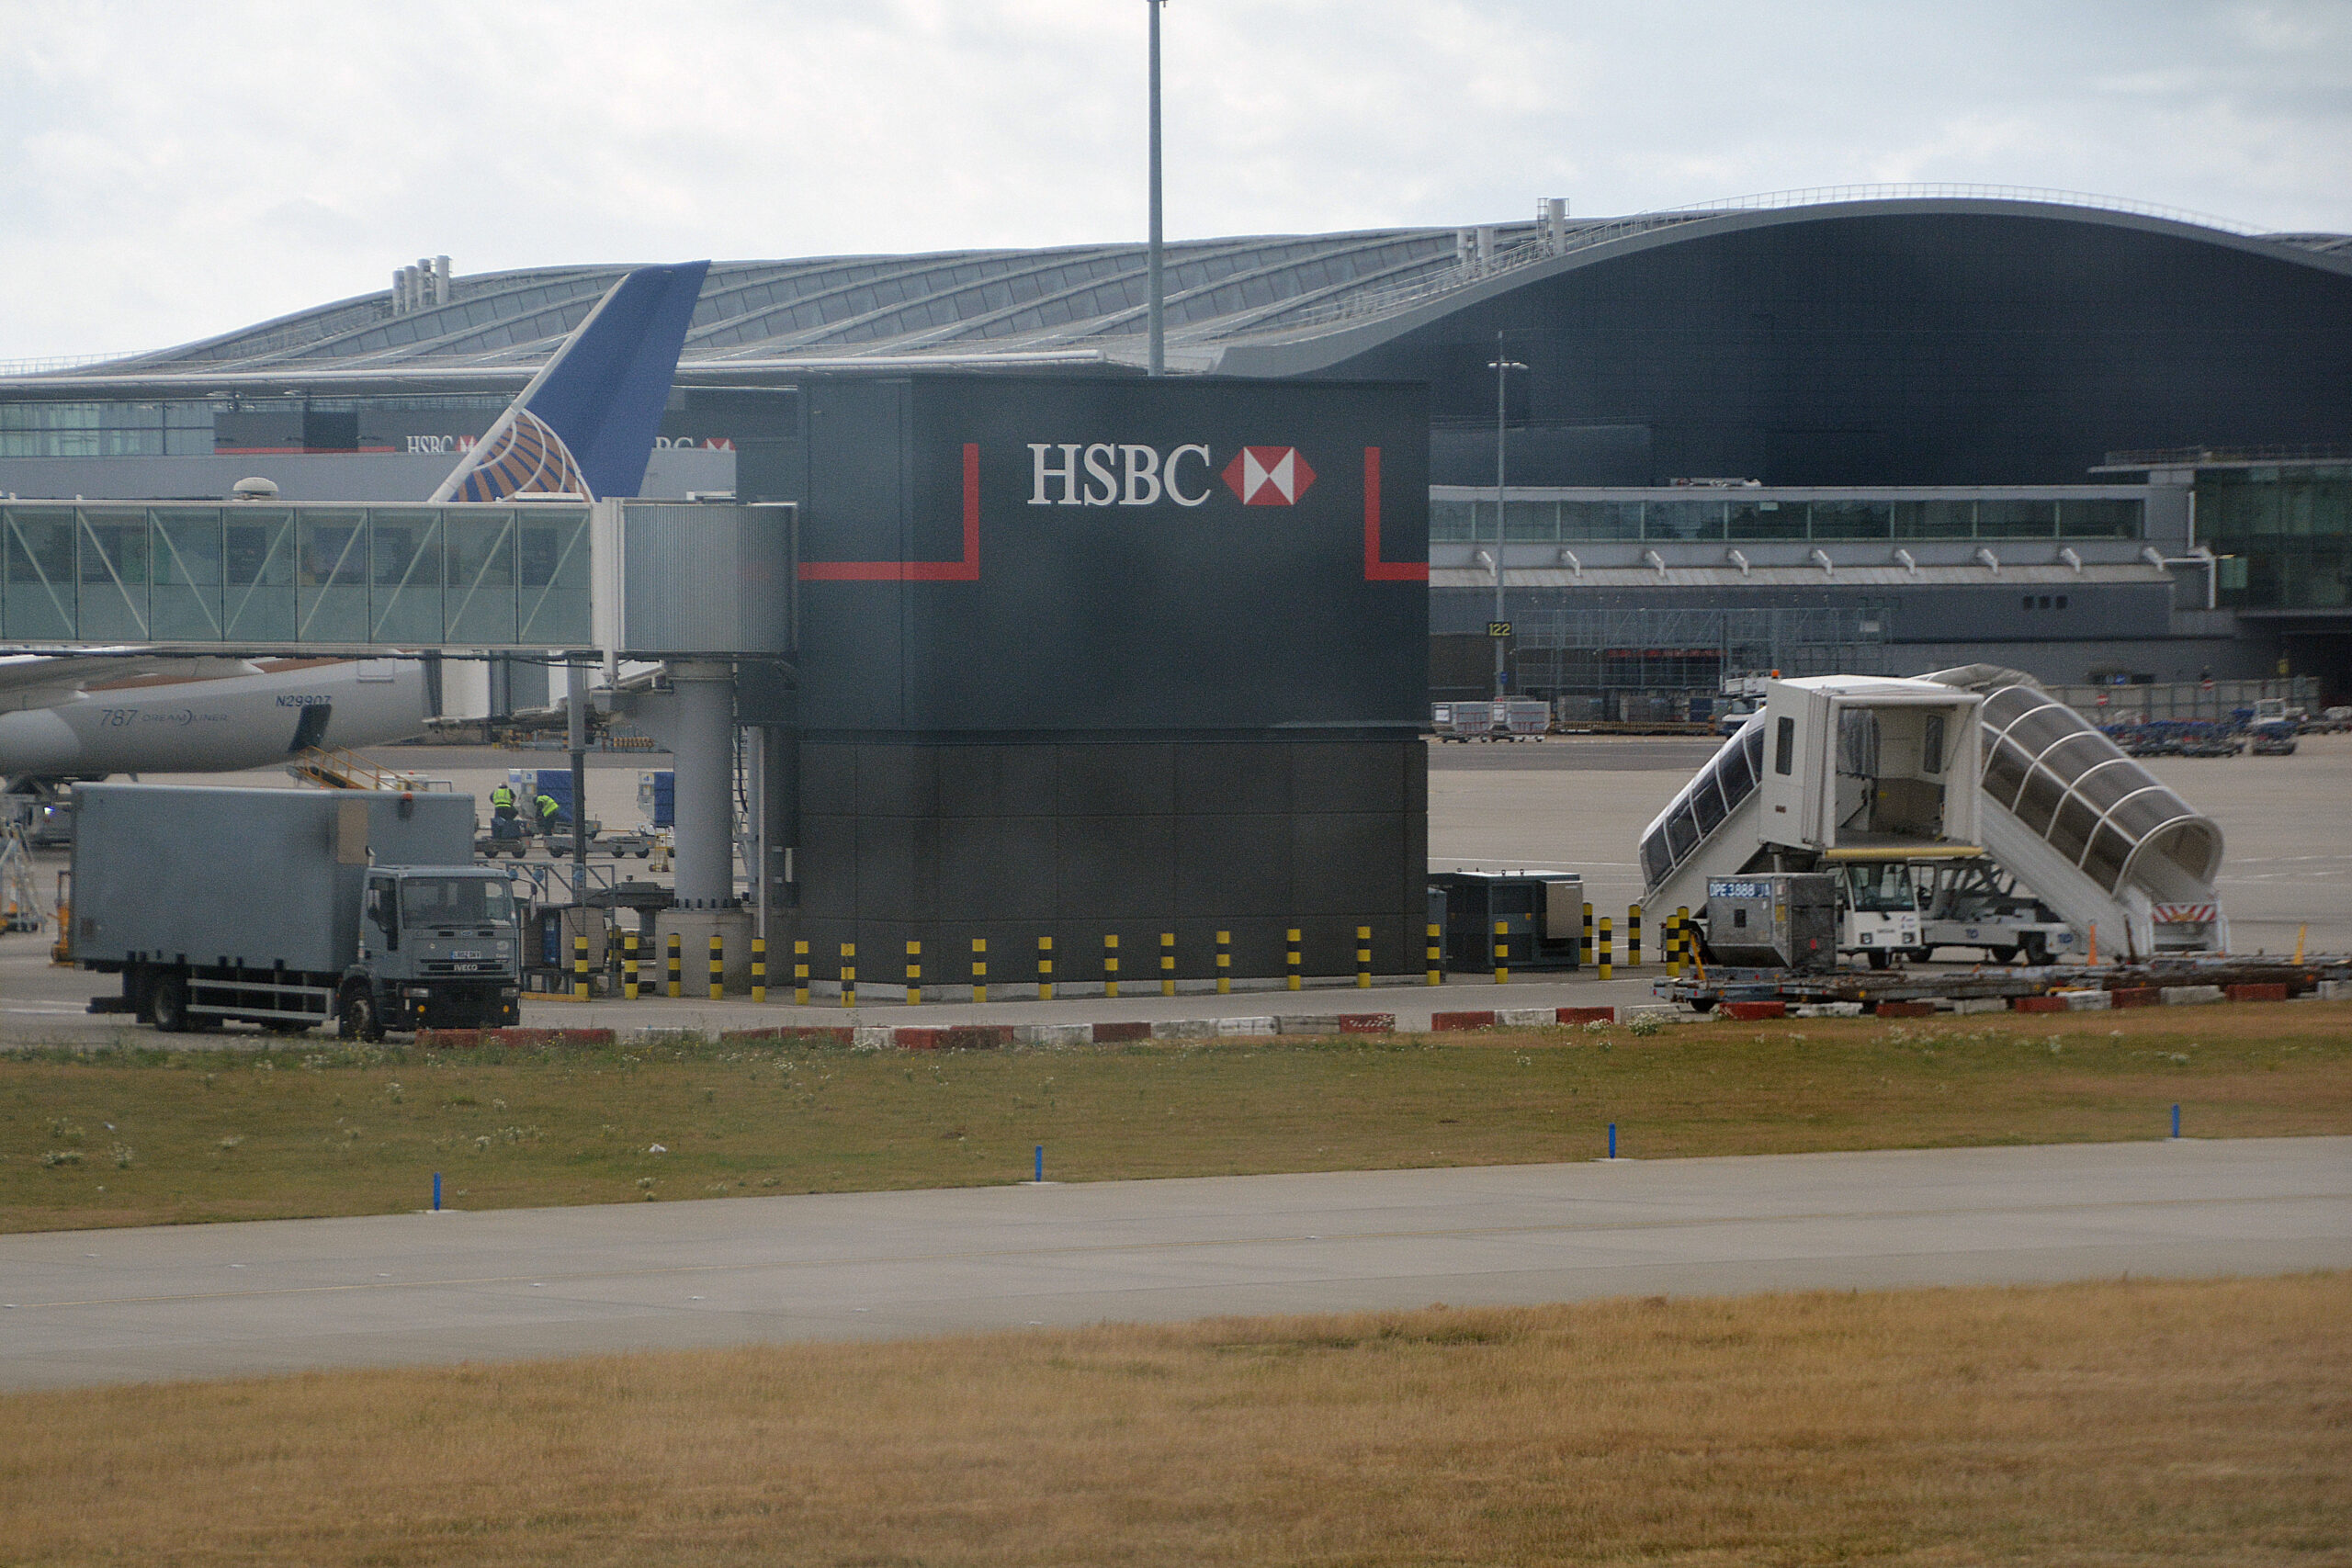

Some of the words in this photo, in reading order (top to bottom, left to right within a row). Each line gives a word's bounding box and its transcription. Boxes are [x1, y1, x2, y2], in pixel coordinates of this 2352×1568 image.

[1027, 443, 1211, 506] HSBC
[1489, 623, 1510, 637] 122
[276, 694, 332, 706] N29907
[101, 709, 138, 726] 787
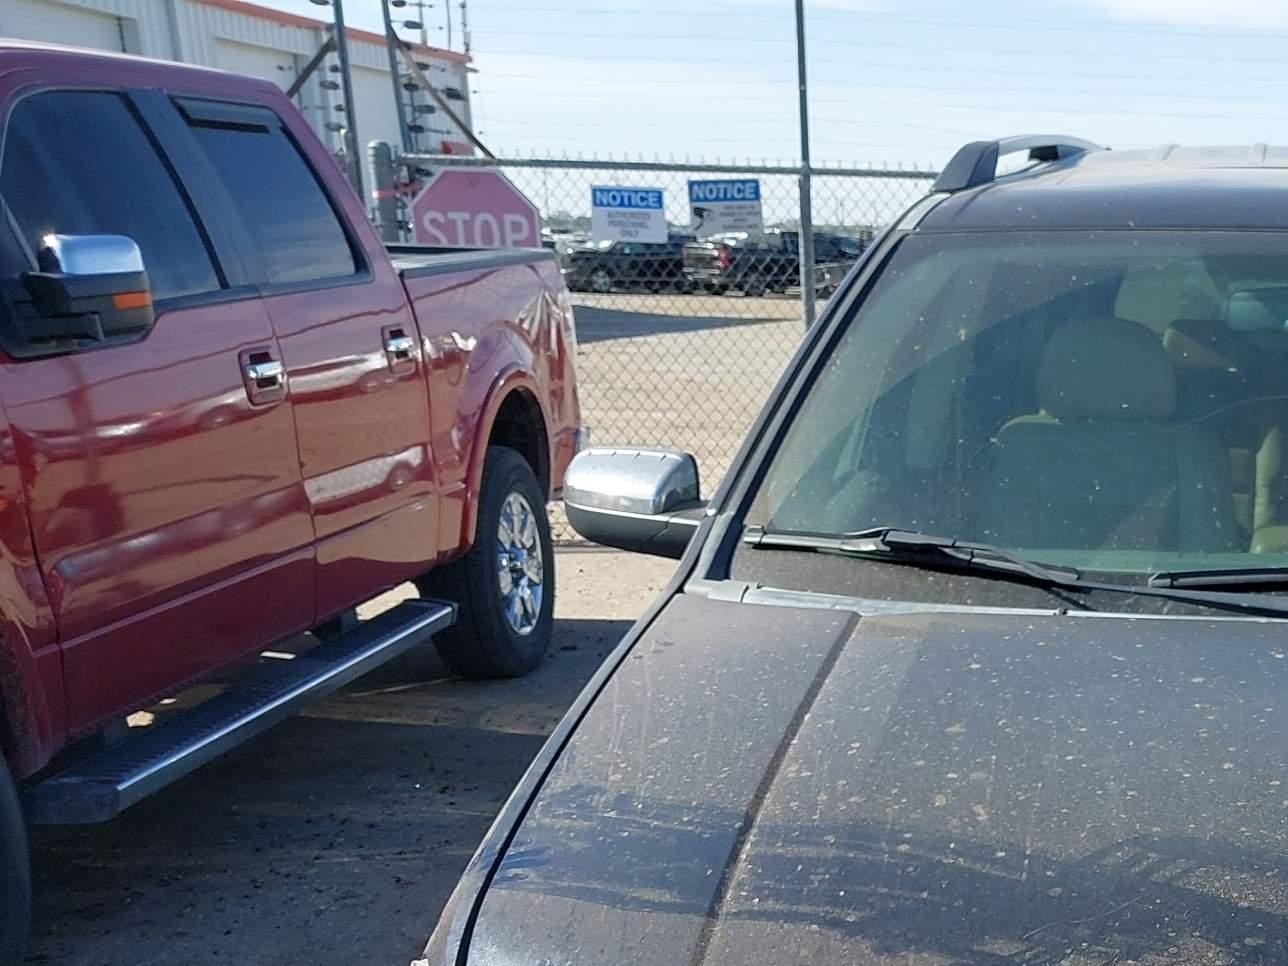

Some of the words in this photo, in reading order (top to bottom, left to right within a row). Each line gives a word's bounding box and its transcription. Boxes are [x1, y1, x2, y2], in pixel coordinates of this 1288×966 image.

[594, 190, 660, 208] NOTICE
[692, 182, 756, 200] NOTICE
[422, 210, 530, 248] STOP
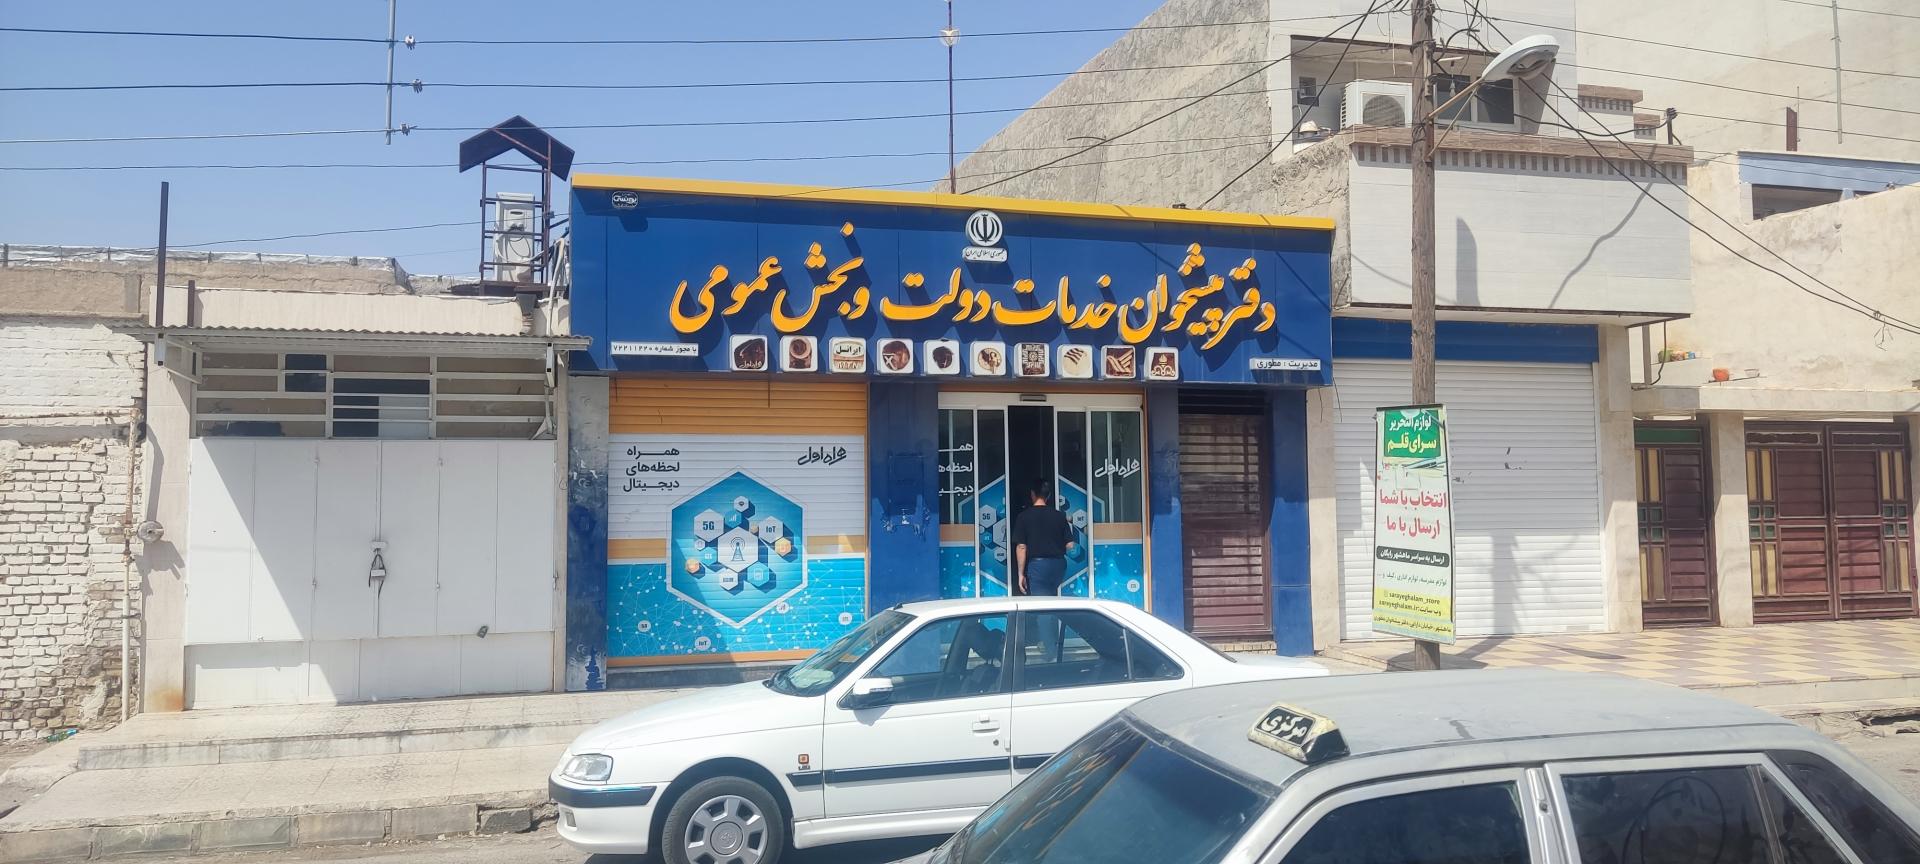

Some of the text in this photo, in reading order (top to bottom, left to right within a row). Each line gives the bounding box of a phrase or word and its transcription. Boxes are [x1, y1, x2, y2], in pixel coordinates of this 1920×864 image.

__Aim of the task__
Repeat the data word for word; drop the pictures.

__Task solution__
Some of the words in this photo, in reading order (top to bottom, left to right within a row). Each line gives a word's bounding box and its transcription. Boxes are [x1, y1, x2, y2], in pixel coordinates of this 2352×1568 image.

[1027, 443, 1211, 506] HSBC
[1489, 623, 1510, 637] 122
[276, 694, 332, 706] N29907
[101, 709, 138, 726] 787

Some of the words in this photo, in reading order (top to bottom, left to right within a row). Each line gives a word's bounding box and its transcription. Boxes are [x1, y1, x2, y2], in pixel coordinates of this 1288×966 image.

[594, 190, 660, 208] NOTICE
[692, 182, 756, 200] NOTICE
[422, 210, 530, 248] STOP

Some of the text in this photo, in reading order (top to bottom, left to right within a row). Each line gives the bounding box of a phrase or word and its transcription. Boxes are [x1, y1, x2, y2], in pixel coordinates of this 1920×864 image.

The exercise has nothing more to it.